1.            There is a person called a Trustee
2.            Trust Property
3.            Beneficiaries

Underhill’s definition does not cover

  1. Charitable trusts.
  2. Trusts of imperfect obligation- such as a trust “for the maintenance and support of my dog Tigger” –this may well amount to a valid trust but is a trust of imperfect obligation because Tigger cannot enforce it.

 The Successive editors of what is now Underhill and Hayton have, however, pointed out that, even though charitable trusts are outside the scope of the work, they are in any event covered by the definition, simply because such a trust is for the benefit of persons, namely the public, on whose behalf the Attorney General may intervene.
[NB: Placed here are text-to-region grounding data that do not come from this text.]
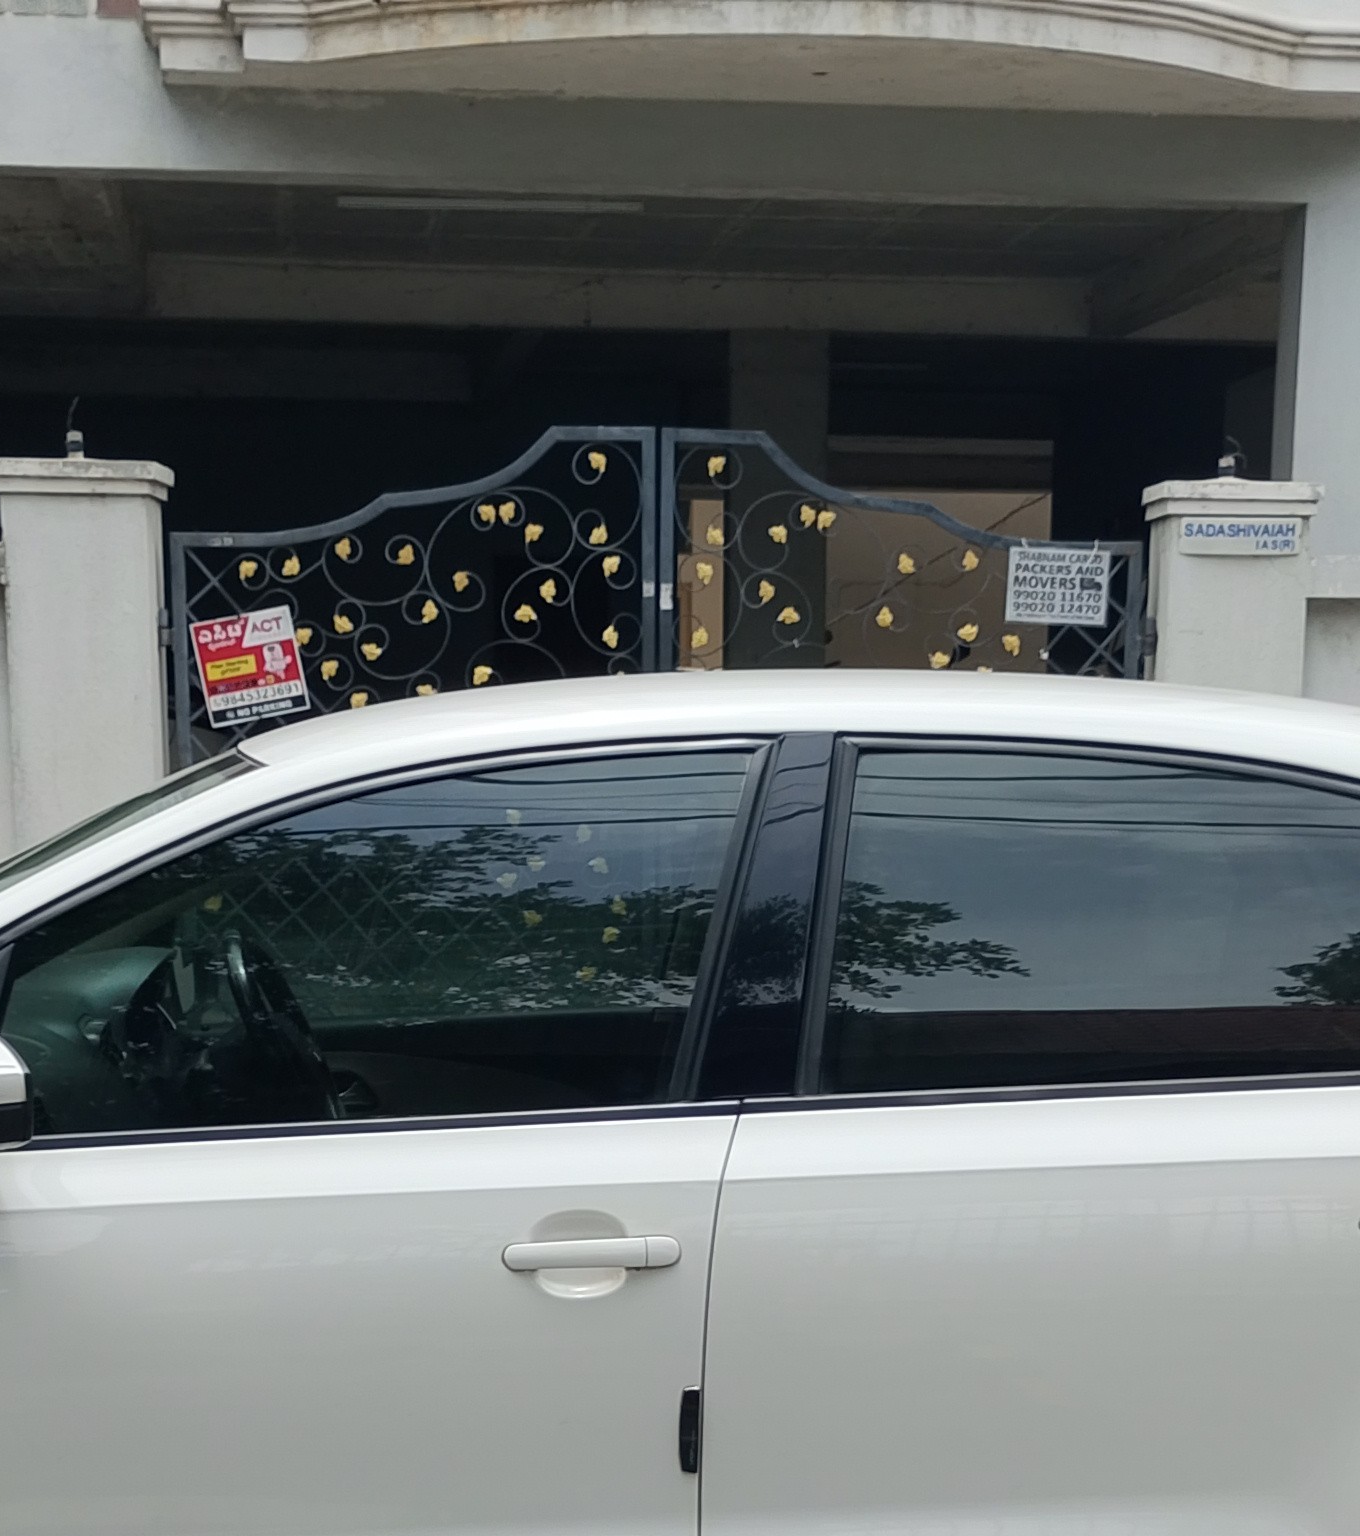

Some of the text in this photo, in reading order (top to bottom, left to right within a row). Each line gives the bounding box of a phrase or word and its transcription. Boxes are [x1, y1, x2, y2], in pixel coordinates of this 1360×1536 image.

[1184, 523, 1296, 538] SADASHIVAIAH
[1015, 563, 1104, 577] PACKERS AND
[1013, 575, 1076, 590] MOVERS
[1013, 590, 1055, 601] 99020
[1013, 601, 1055, 612] 99020
[251, 616, 282, 633] ACT
[236, 707, 251, 717] NO
3.         Lewin’s Definition

Lewin on Trusts adopts a rather more comprehensive definition, which is based on a definition given by Mayo J. in Re Scott.
            “the word ‘trust’ refers to the duty or aggregate accumulation of obligations that rest upon a person described as trustee.  The responsibilities are in relation to property held by him, or under his control.  That property he will be compelled by a court in its equitable jurisdiction to administer in the manner lawfully prescribed by the trust instrument, or where there be no specific provision written or oral, or to the extent that such provision is invalid or lacking, in accordance with equitable principles.  As a consequence the administration will be in such a manner that the consequential benefits and advantages accrue, not to the trustee, but to the persons called cestui que trust, or beneficiaries, if there be any; if not, for some purpose which the law will recognise and enforce.”
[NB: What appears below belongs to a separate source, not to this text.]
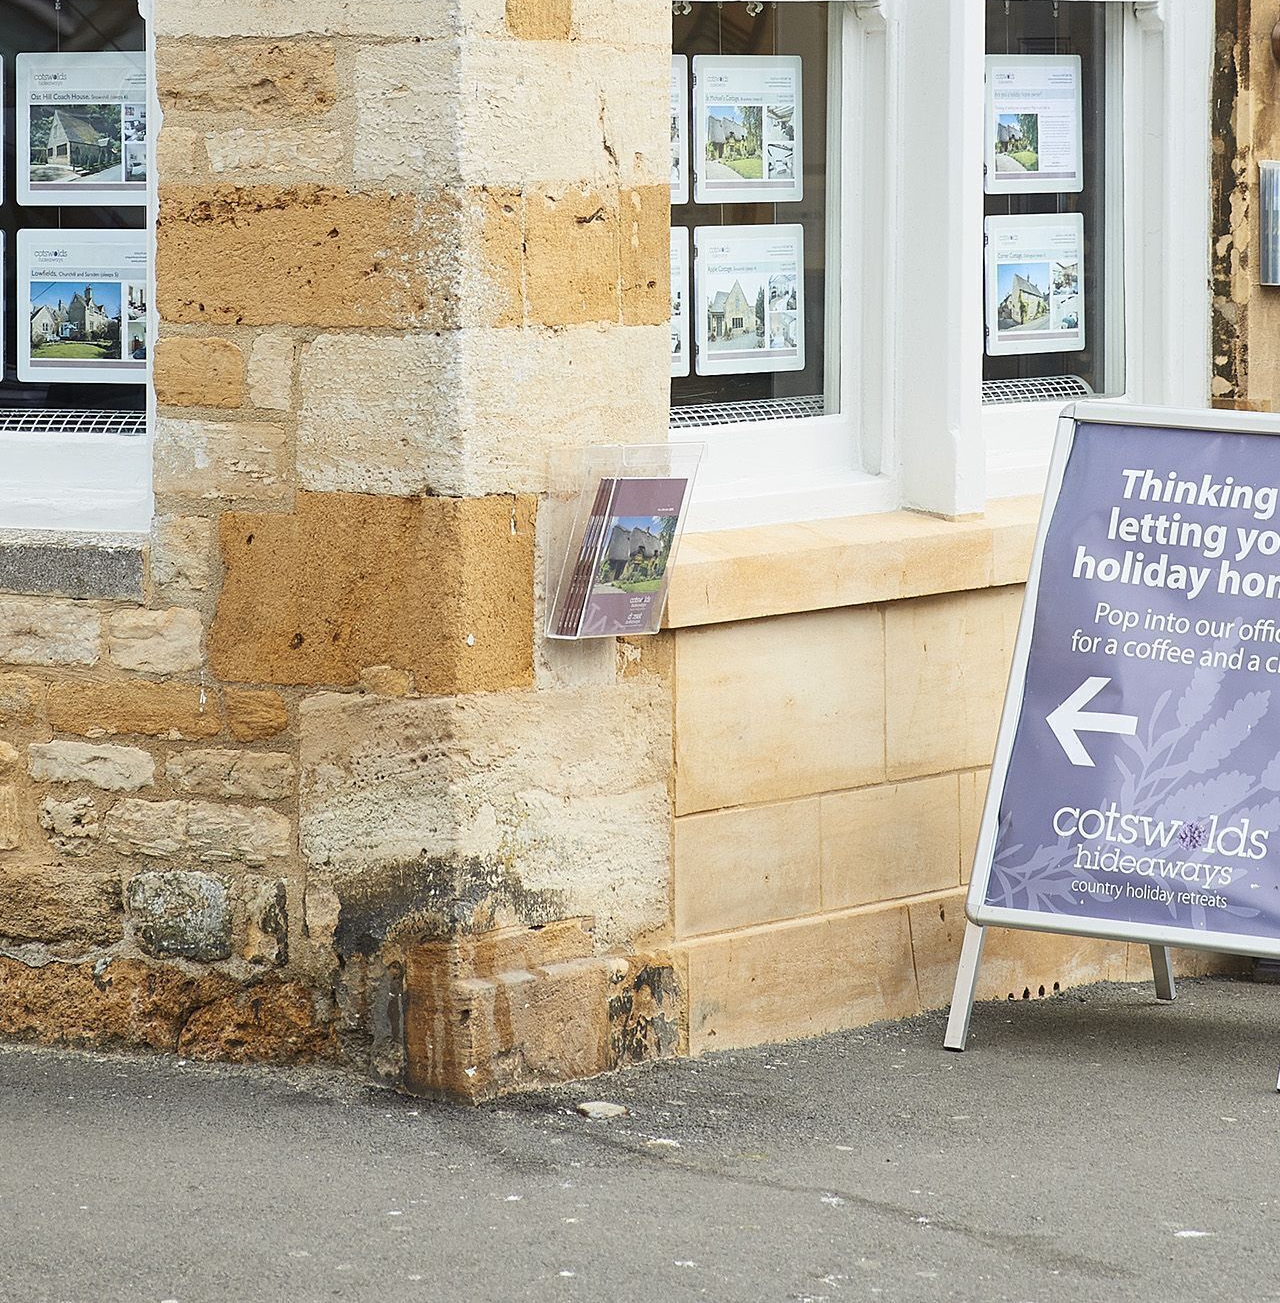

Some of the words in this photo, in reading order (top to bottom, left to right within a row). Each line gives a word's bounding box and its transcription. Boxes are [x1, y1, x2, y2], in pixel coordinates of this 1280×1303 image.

This definition is an improvement on Underhill’s definition.
1.            Duties and obligations are clearly expressed;
2.            Trust Instrument;
3.            Beneficiaries do not have to be persons –purpose which takes care of charities etc.

 A trustee may be a beneficiary, in which case advantages will accrue in his favour to the extent of his beneficial interest.
4.         Definition in Hague Convention on Law of Trusts:
This has been incorporated into English Law by the UK Recognition of Trusts Act 1987 and under Article 2 of that convention, a trust is defined as follows:-
For the purpose of this convention, the word ‘trust’ refers to the legal relationships created – inter vivos or on death – by a person, the settlor, when assets have been placed under the control of a trustee for the benefit of a beneficiary or for a specified purpose.

 A trust has the following characteristics—
(a)          the assets constitute a separate fund and are not part of the trustee’s own estate;
(b)          title to the trust assets stands in the name of the trustee or in the name of another person on behalf of the trustee;
(c)          The trustee has the power and duty, in respect of which he is accountable, to manage, employ or dispose of the assets in accordance with the terms of the trust and the special duties imposed upon him by law.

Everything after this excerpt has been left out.